Methods: This single-centre study enrolled consecutive patients indicated for symptomatic OT PVC ablation between April 2016 and April 2021. Patients requiring epicardial ablations were excluded. Use of HD mapping catheter was at the operator’s discretion. Pre-and post-ablation PVC burden was assessed using a 12-lead Holter monitor. Potential demographic, clinical and procedural predictors of arrhythmia-free survival were assessed. Kaplan–Meier and Cox regression analyses were performed.

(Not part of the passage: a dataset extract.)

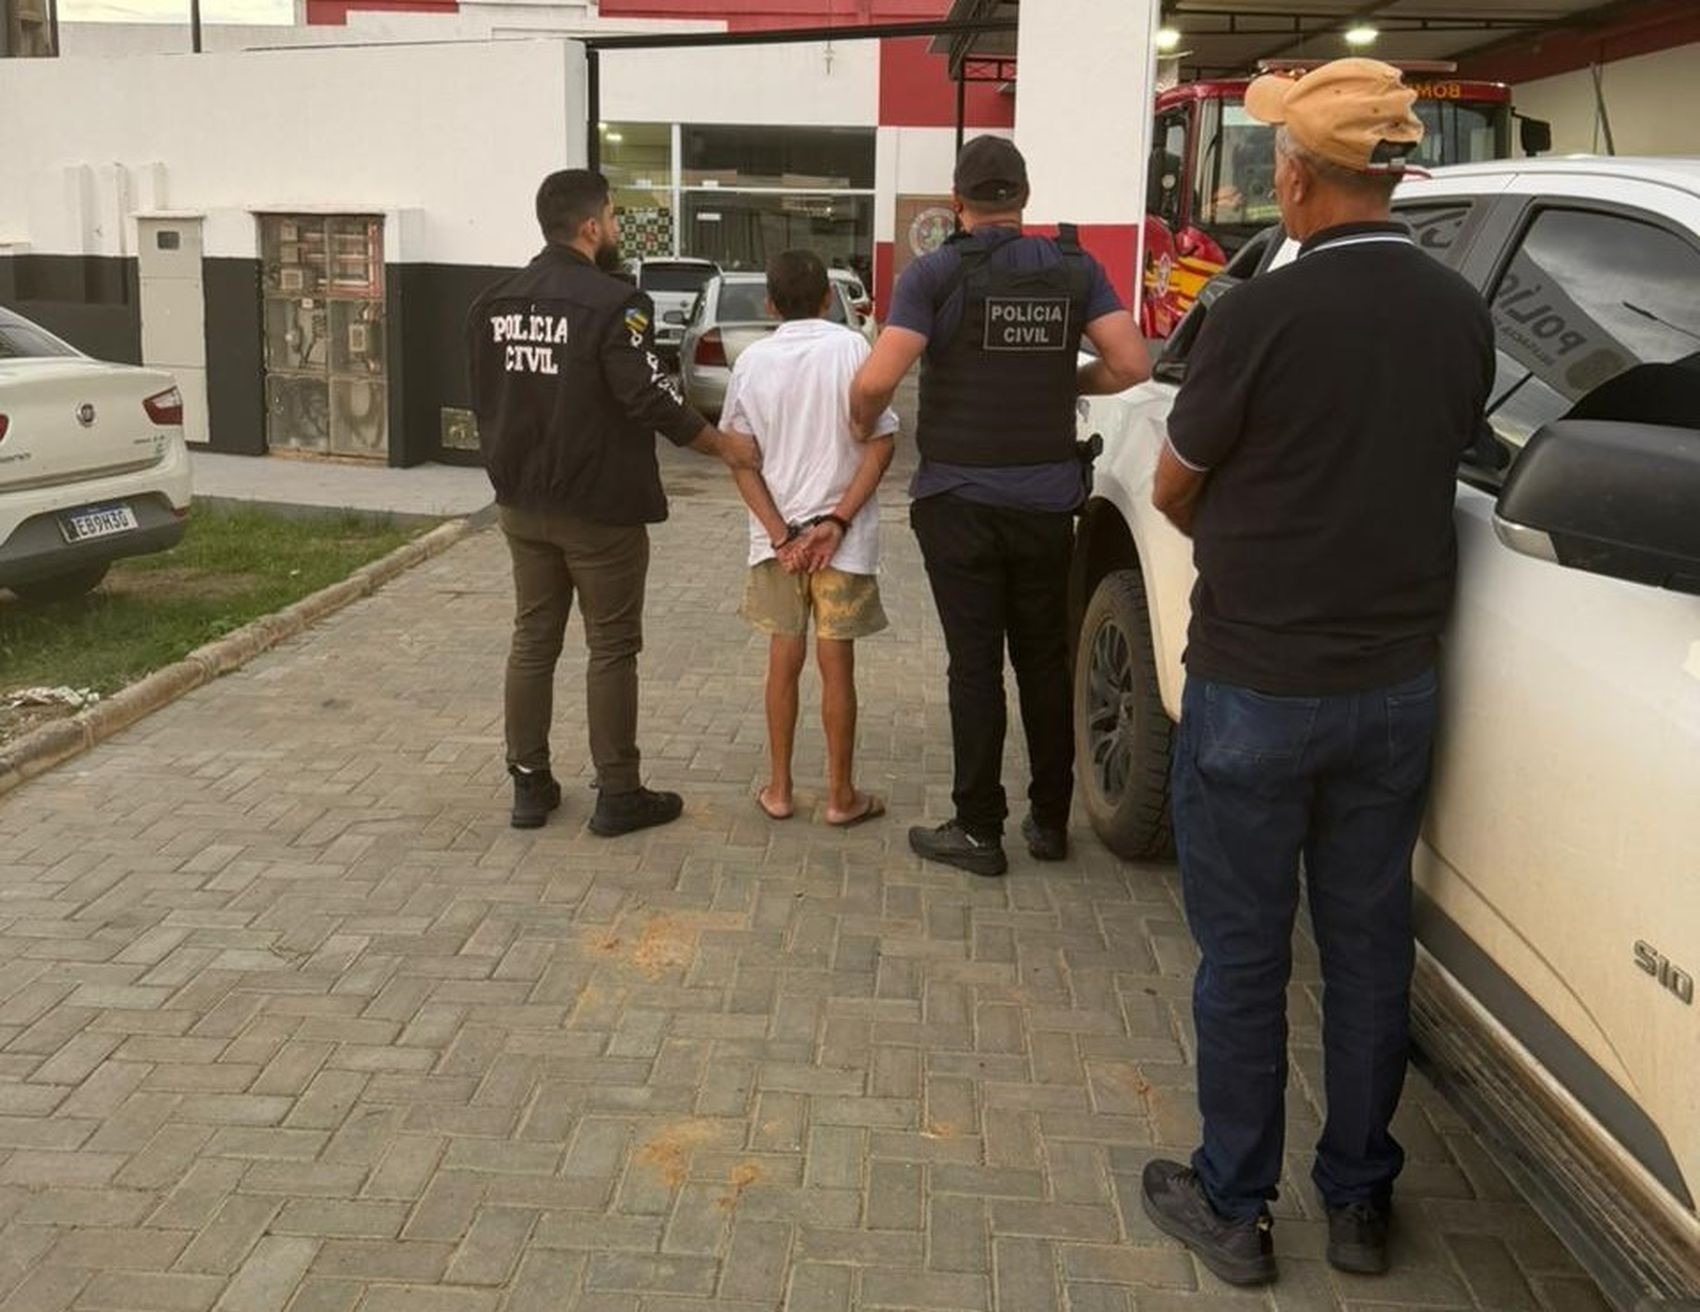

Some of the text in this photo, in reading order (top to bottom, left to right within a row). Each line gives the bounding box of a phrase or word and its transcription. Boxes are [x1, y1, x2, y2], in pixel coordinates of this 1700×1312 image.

Results: Seventy-nine patients (mean age 49 ± 17 years, 39% males, left ventricular ejection fraction 52 ± 10%) underwent successful endocardial ablations for PVCs from right ventricular OT (RVOT, n=64) or left ventricular OT (LVOT, n=15). One patient required ablation from both RVOT and LVOT. Baseline demographics and antiarrhythmic profile did not differ between the PBP (n=56) and HD (n=23) groups. Pre-ablation PVC burden was similar between the two groups (PBP 25 ± 12% vs HD 27 ± 11%; p=ns). Compared with LVOT ablations, ablation of RVOT PVCs demonstrated shorter procedure duration (170 ± 67 min vs 212 ± 74 min; p=0.04) and fluoroscopy time (12 ± 11 min vs 21 ± 16 min; p<0.05) but similar mapping time (61 ± 29 min vs 70 ± 43 min; p=ns) and ablation time (443 ± 320 s vs 588 ± 615 s; p=ns). Procedure duration, ablation time and fluoroscopy time were higher in the HD group driven by RVOT procedures. Complete PVC abolishment was achieved in 94% of cases. Intraprocedural complication rate was 3.8%, with two patients in the HD group developing heart block and one patient in PBP group developing cardiac tamponade. Over a follow-up period of 28 ± 25 months, the RVOT group demonstrated superior symptom- and arrhythmia-free survival compared with the LVOT group (Figure 1). Site of PVC origin was a significant predictor of symptom and arrhythmia recurrence with LVOT origin demonstrating unfavourable outcome (HR 6.9, p=0.05). Use of HD mapping catheters and presence of structural heart disease did not predict symptomatic PVC recurrence.

Conclusion: Catheter ablation of OT PVCs guided by HD mapping catheters was safe and noninferior to conventional PBP mapping. Long-term clinical outcome was driven by site of PVC origin. Larger, prospective data are required to assess short- and long-term benefits of HD mapping-guided ablation of OT PVCs.